PROBLEM TO WORK ON: The result should be an exact copy of every record, with no pictures kept.

Dataset entries:
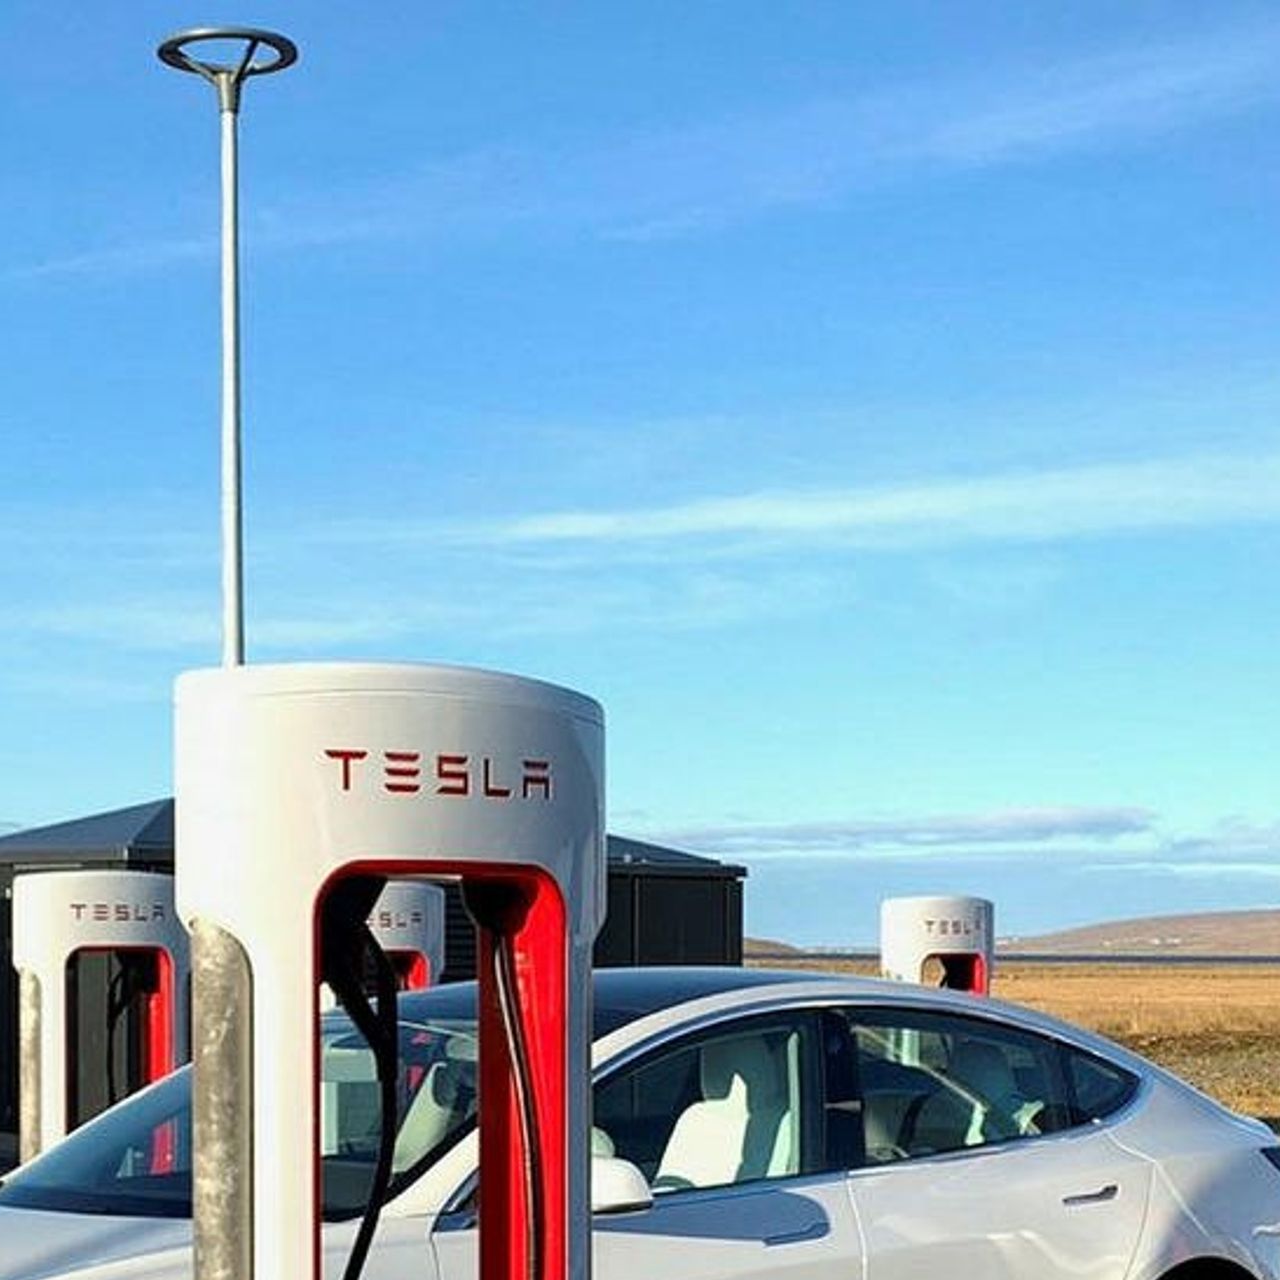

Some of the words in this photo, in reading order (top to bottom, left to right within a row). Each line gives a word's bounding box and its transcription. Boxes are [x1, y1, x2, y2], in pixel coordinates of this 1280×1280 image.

[324, 749, 550, 799] TESLA
[70, 903, 165, 921] TESLA
[371, 911, 422, 929] SLA
[924, 919, 983, 935] TESLA
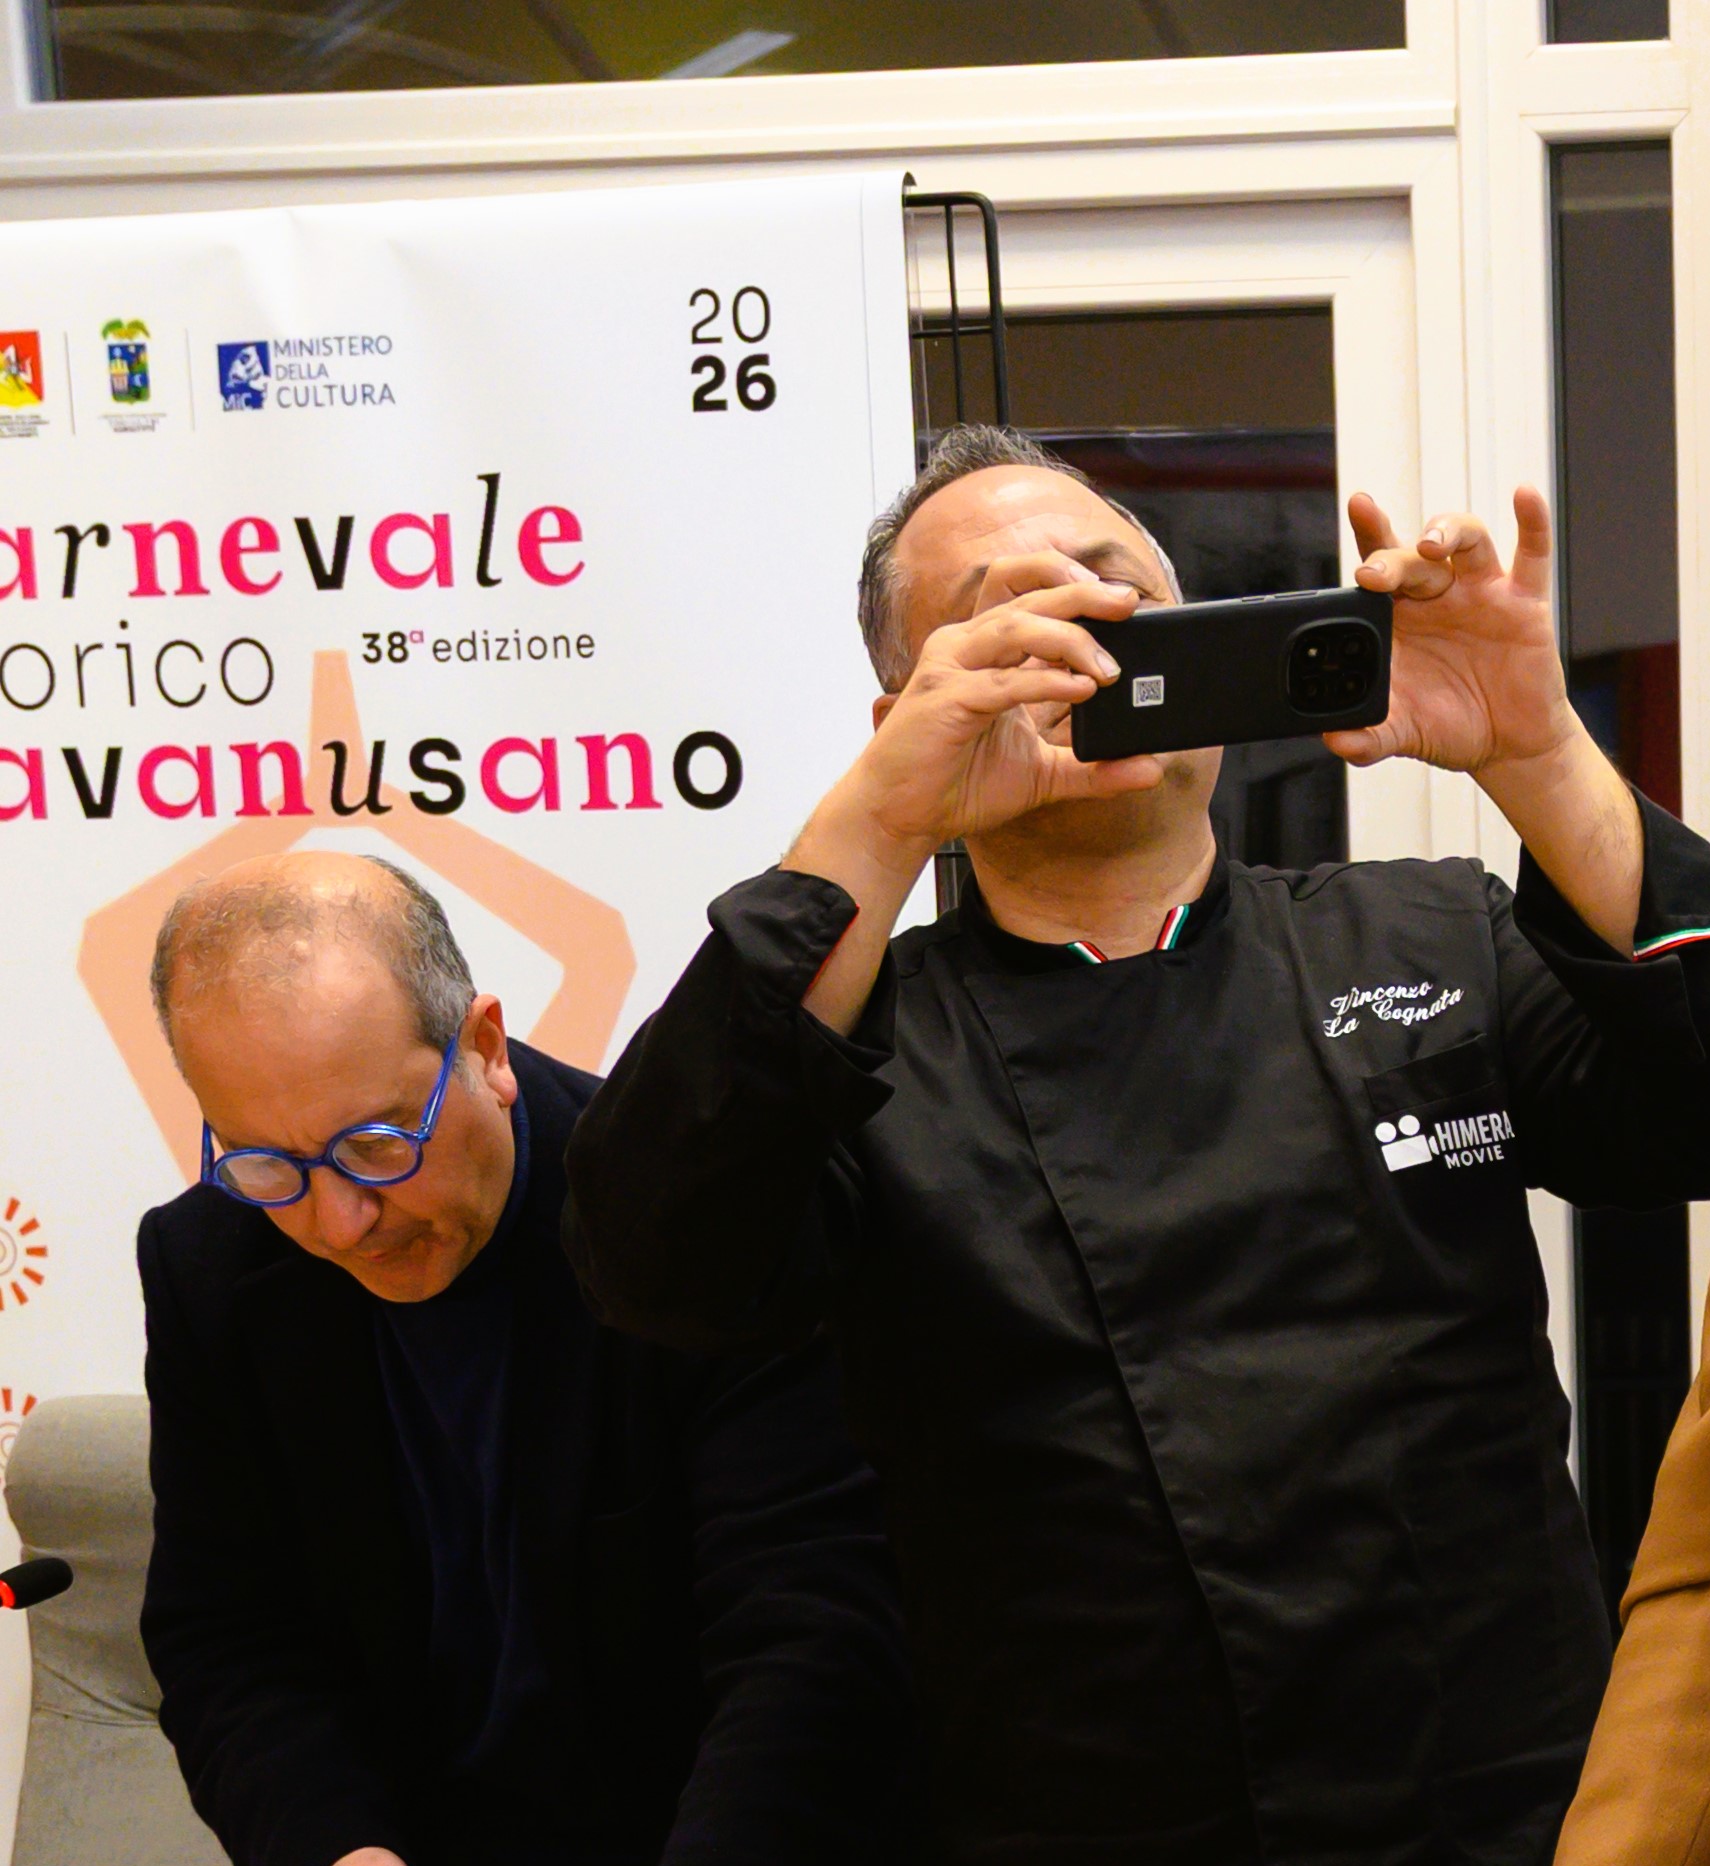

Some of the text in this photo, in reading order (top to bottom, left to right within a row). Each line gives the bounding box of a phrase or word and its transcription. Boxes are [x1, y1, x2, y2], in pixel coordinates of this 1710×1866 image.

REPLY:
Some of the words in this photo, in reading order (top to bottom, left to right within a row). Each line gives a word's bounding box and its transcription. Boxes are [x1, y1, x2, y2], in pixel coordinates of this 1280×1280 image.

[324, 749, 550, 799] TESLA
[70, 903, 165, 921] TESLA
[371, 911, 422, 929] SLA
[924, 919, 983, 935] TESLA

Some of the text in this photo, in reading order (top to bottom, left to right within a row). Each line gives the bounding box of a phrase or word and its transcription. Boxes are [x1, y1, x2, y2], in pixel coordinates of this 1710×1866 image.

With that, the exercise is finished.